The magic lies in how these components interact. During production, a unique hydrothermal process embeds the iron and manganese deep inside the biochar’s structure. The graphite coating prevents iron passivation, a major bottleneck in conventional methods, allowing it to work more efficiently. Meanwhile, manganese oxides undergo atomic-level expansion, enhancing their capacities to capture pollutants.
“Think of it as a synergy impact from three-party cooperation,” explains Prof. Tsang. “The biochar shields the iron from passivation and supports the electron transfer, the lattice-expanded manganese oxide locks toxins in place, and everything binds together within graphitic carbon to eliminate secondary waste.”
Climate and industry impact
The proposed materials can achieve nearly 90% lower carbon emissions compared to conventional treatment, according to calculations. It can also gain other potential advantages, such as lower land usage and water consumption, resulting from reduced chemical consumption. If implemented in China, this technology could prevent 0.75 million tons of carbon dioxide equivalent (CO2eq) annually, an assumption based on the annual electroplating wastewater discharge in China.
A template for industry pollution control
This technology is not limited to electroplating wastewater but can be applied to a wide range of industries, including those struggling with metal-laden sewage, such as mining operations, tanneries, and battery manufacturers. “This isn’t just for electroplating, it’s a blueprint for cleaning industrial pollution sustainably,” Prof. Tsang added. It turns pollution control from a carbon liability into a climate-smart process.

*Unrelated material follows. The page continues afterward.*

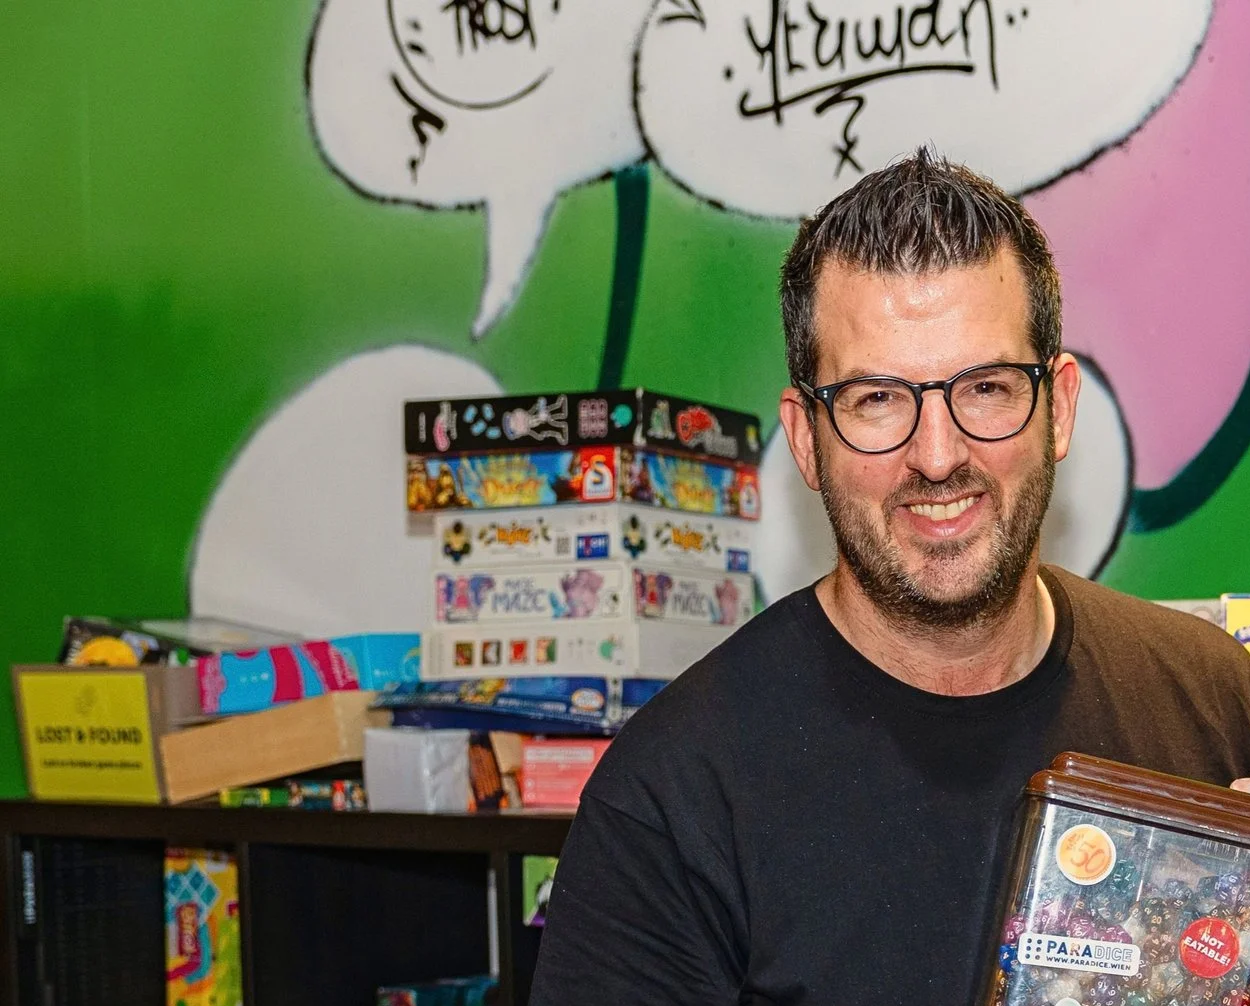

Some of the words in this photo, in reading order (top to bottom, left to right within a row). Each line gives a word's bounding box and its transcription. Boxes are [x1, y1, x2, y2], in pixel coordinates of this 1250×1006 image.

The team has already demonstrated the capacity of the as-prepared biochar-based materials to remove a variety of toxic elements and organic pollutants, indicating their potential for a broad spectrum of wastewater treatment applications.
Global collaboration
HKUST’s biochar research is actively advancing from lab-scale discovery to industrial translation. Led by Prof. Tsang, the team’s findings were published in Communications Materials, a journal from Nature Portfolio, in a paper titled “Reducing environmental burden of electroplating wastewater treatment by ternary cooperation of zero-valence iron, manganese, and graphitic biochar”.
Co-authors include Dr. XU Zibo (first author), Prof. Tsang’s PhD graduate and currently Research Assistant Professor in the same department; Dr. ZHANG Yuying (Prof. Tsang’s PhD graduate); as well as collaborators from Imperial College London (UK), Shanghai Jiao Tong University (China), University of Wuppertal (Germany), University of California, Davis (US), and Korea University.